Every record below should be repeated exactly. Omit the pictures.
BEGIN Source material
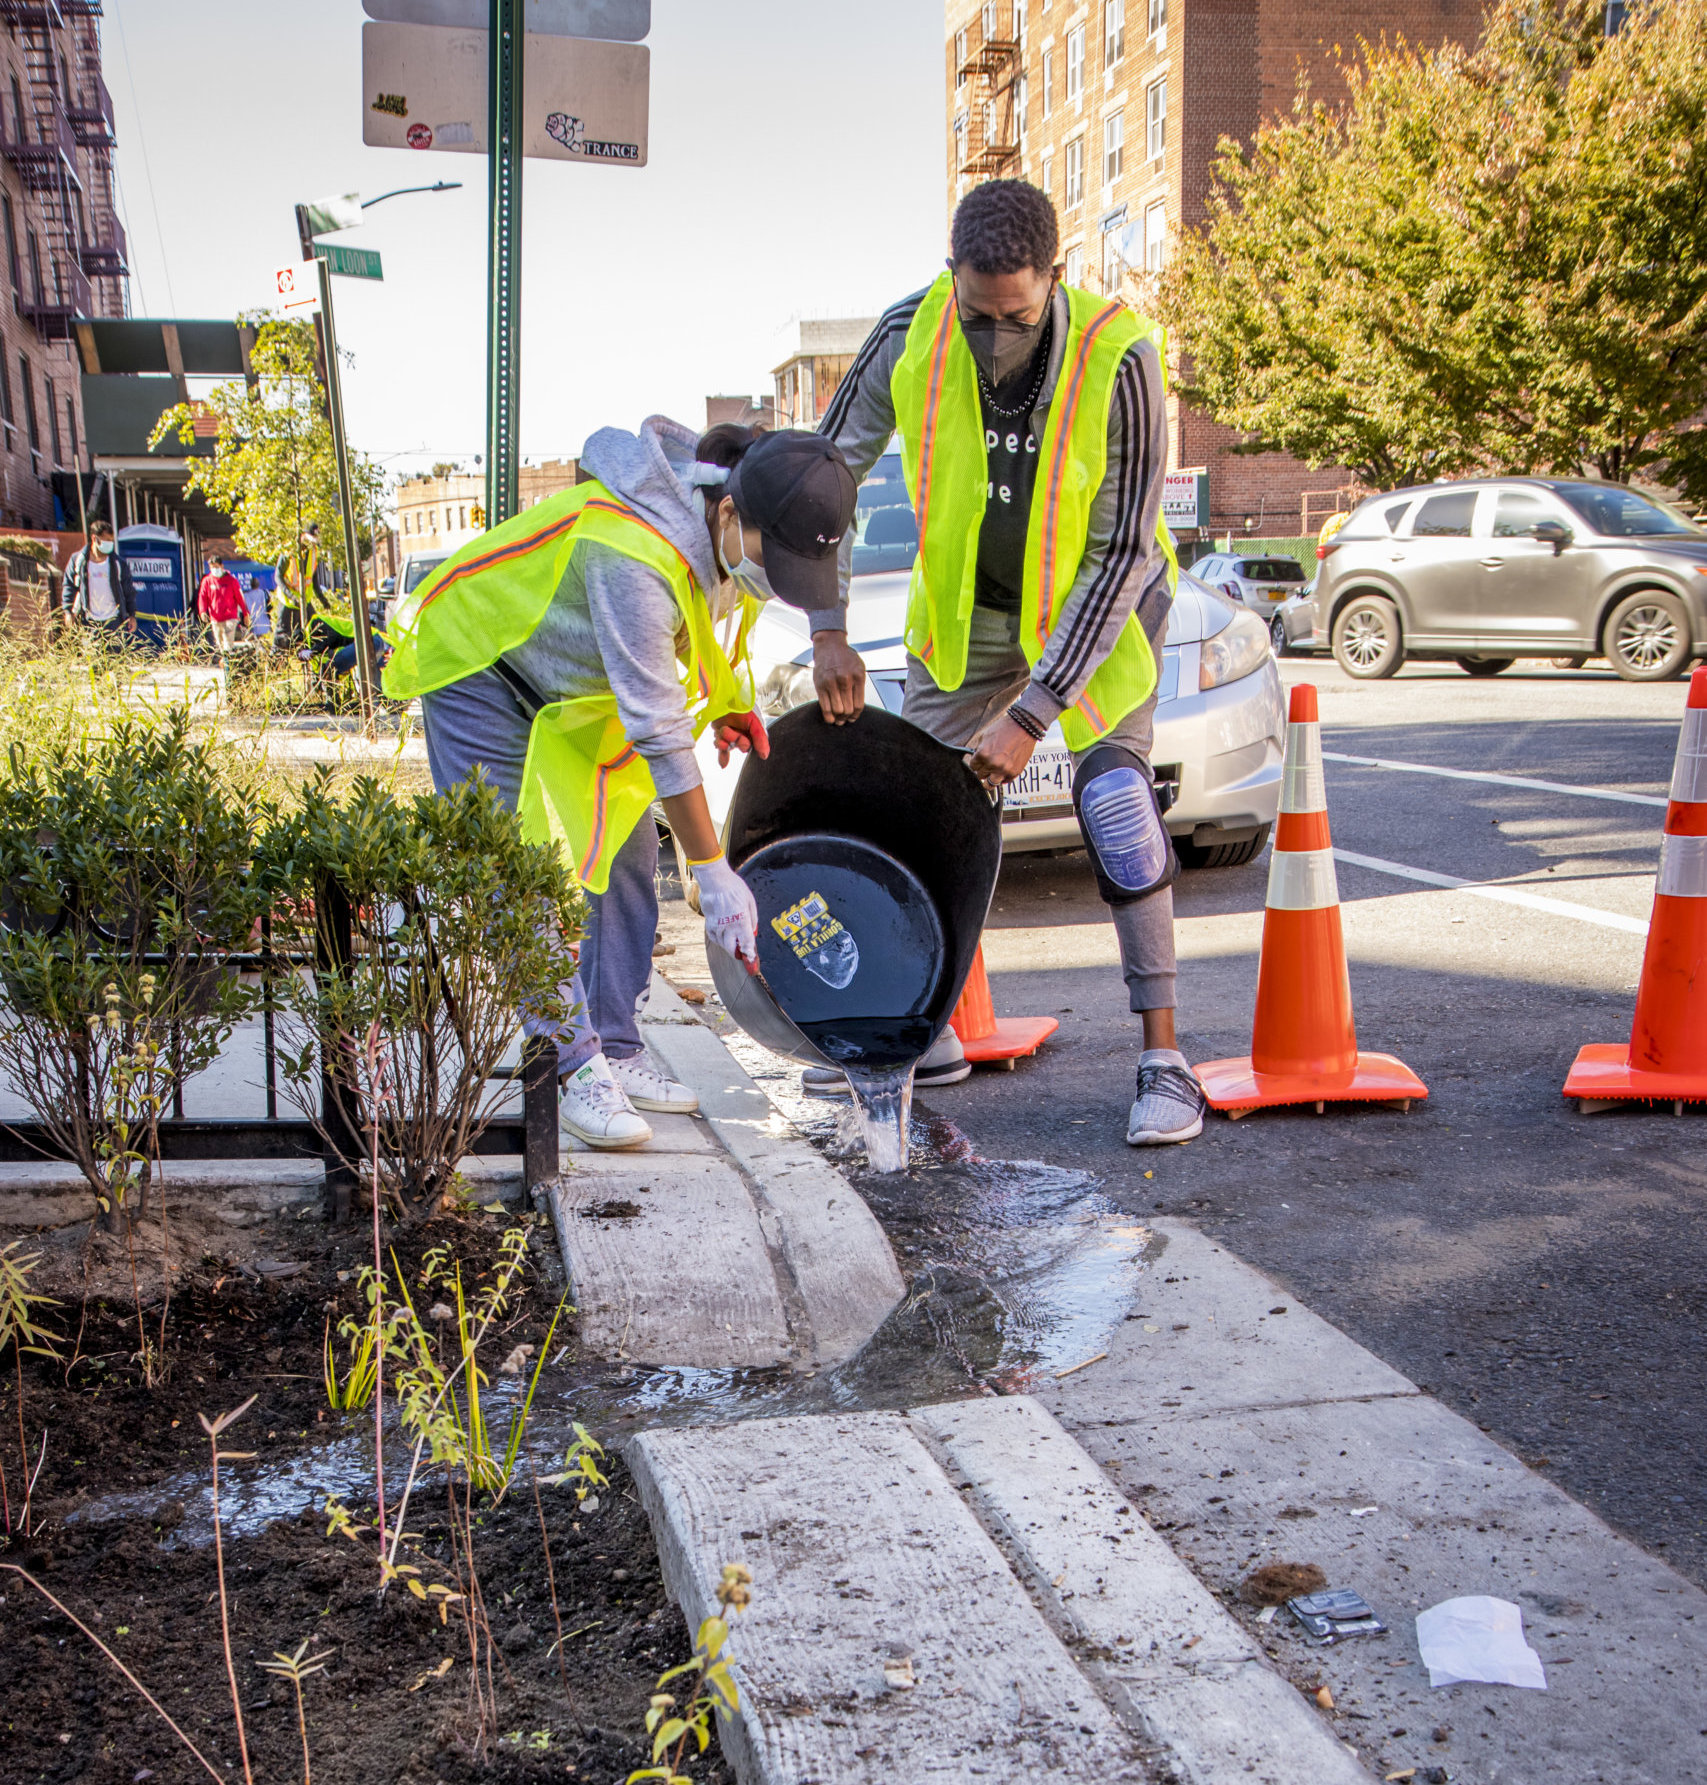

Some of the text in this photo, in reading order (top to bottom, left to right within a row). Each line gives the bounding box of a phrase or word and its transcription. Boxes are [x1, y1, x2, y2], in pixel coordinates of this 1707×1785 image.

[583, 142, 638, 159] TRANCE
[341, 250, 368, 275] LOON
[1166, 476, 1193, 485] NGER
[1051, 752, 1071, 762] YOR
[810, 920, 844, 948] GORILLA
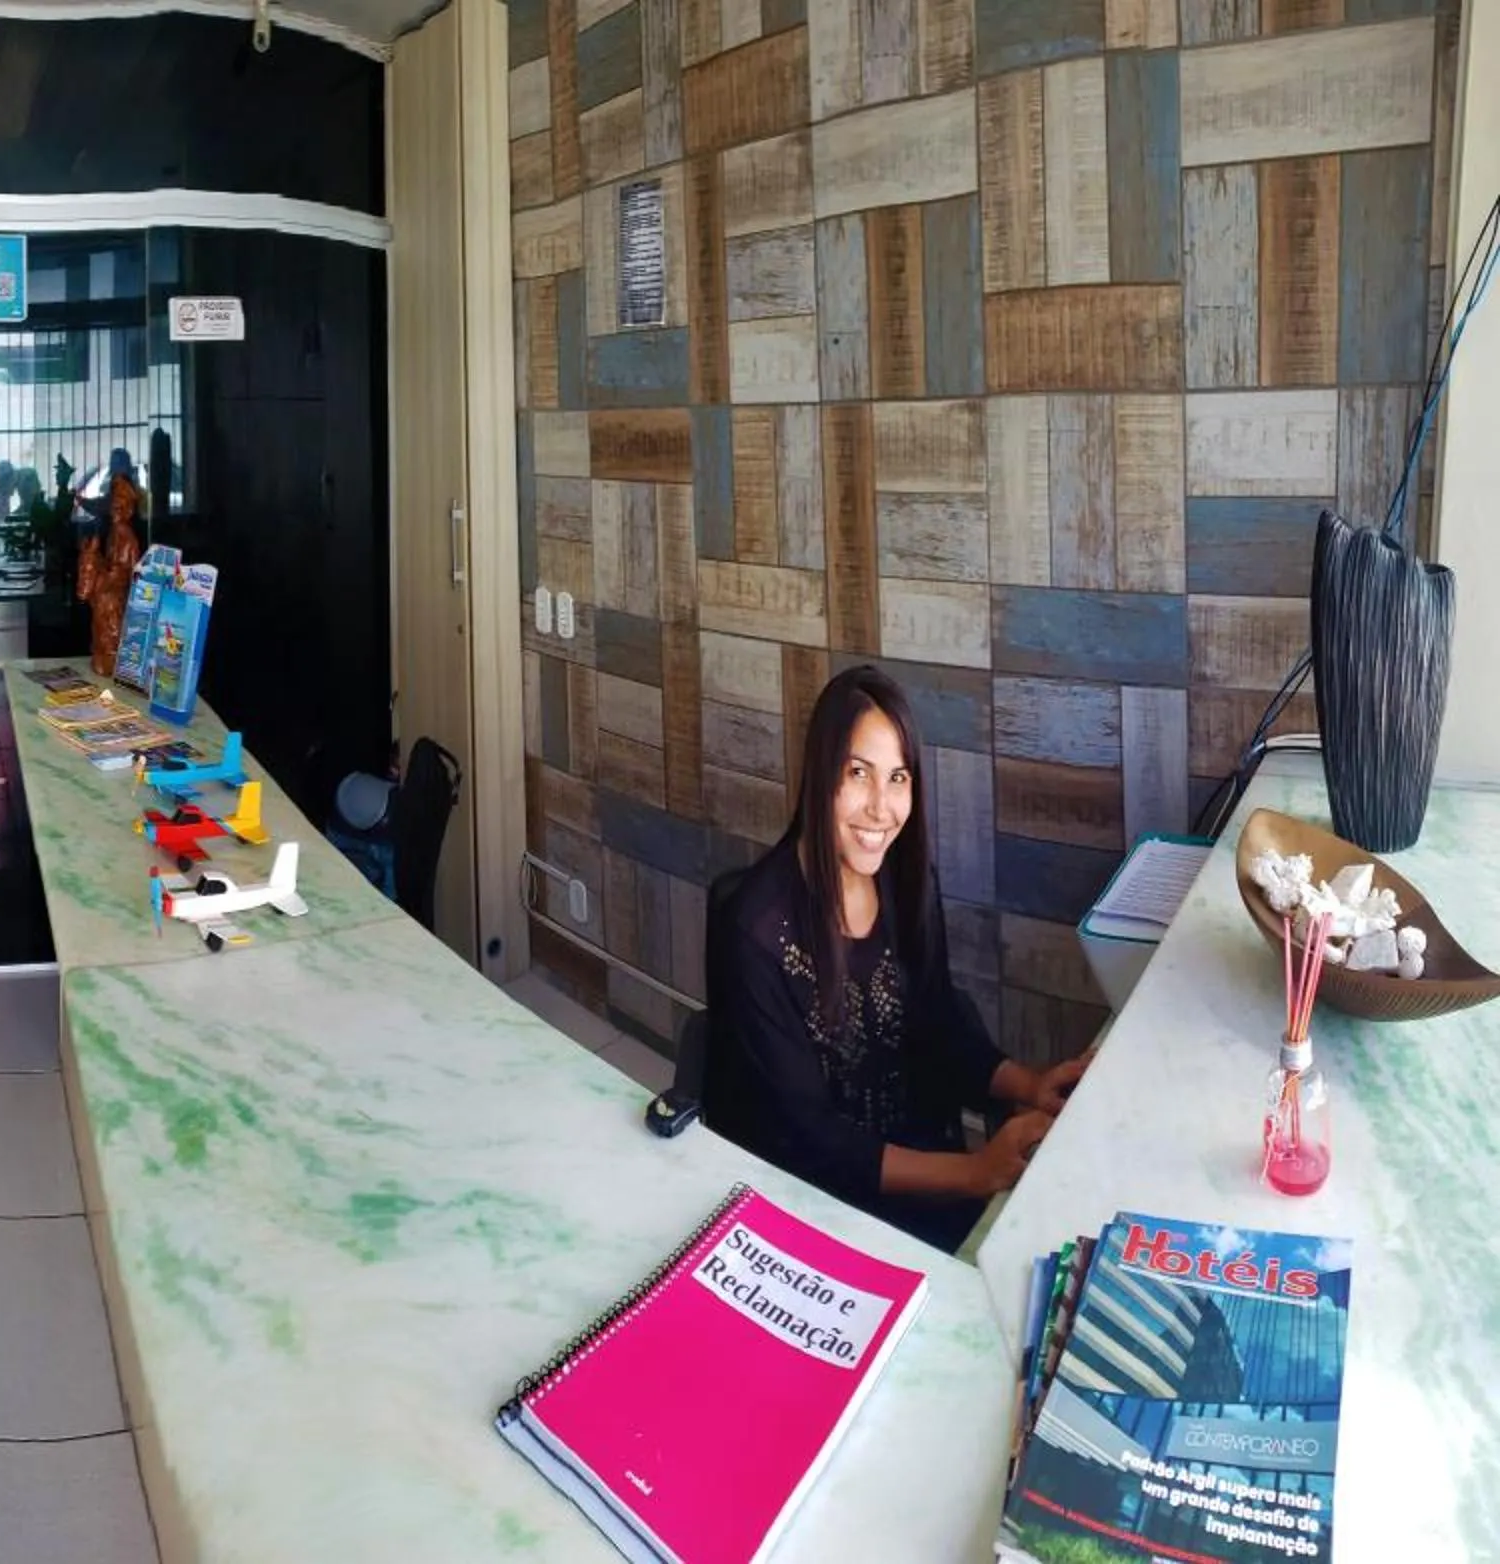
END Source material
Completed task →
Some of the text in this photo, in reading order (top to bottom, left to right within a row). Each line gives the bounding box of a phrase or word and its transcription. Boxes are [x1, y1, x2, y2], in pixel coordinates of this 1707×1785 image.

[583, 142, 638, 159] TRANCE
[341, 250, 368, 275] LOON
[1166, 476, 1193, 485] NGER
[1051, 752, 1071, 762] YOR
[810, 920, 844, 948] GORILLA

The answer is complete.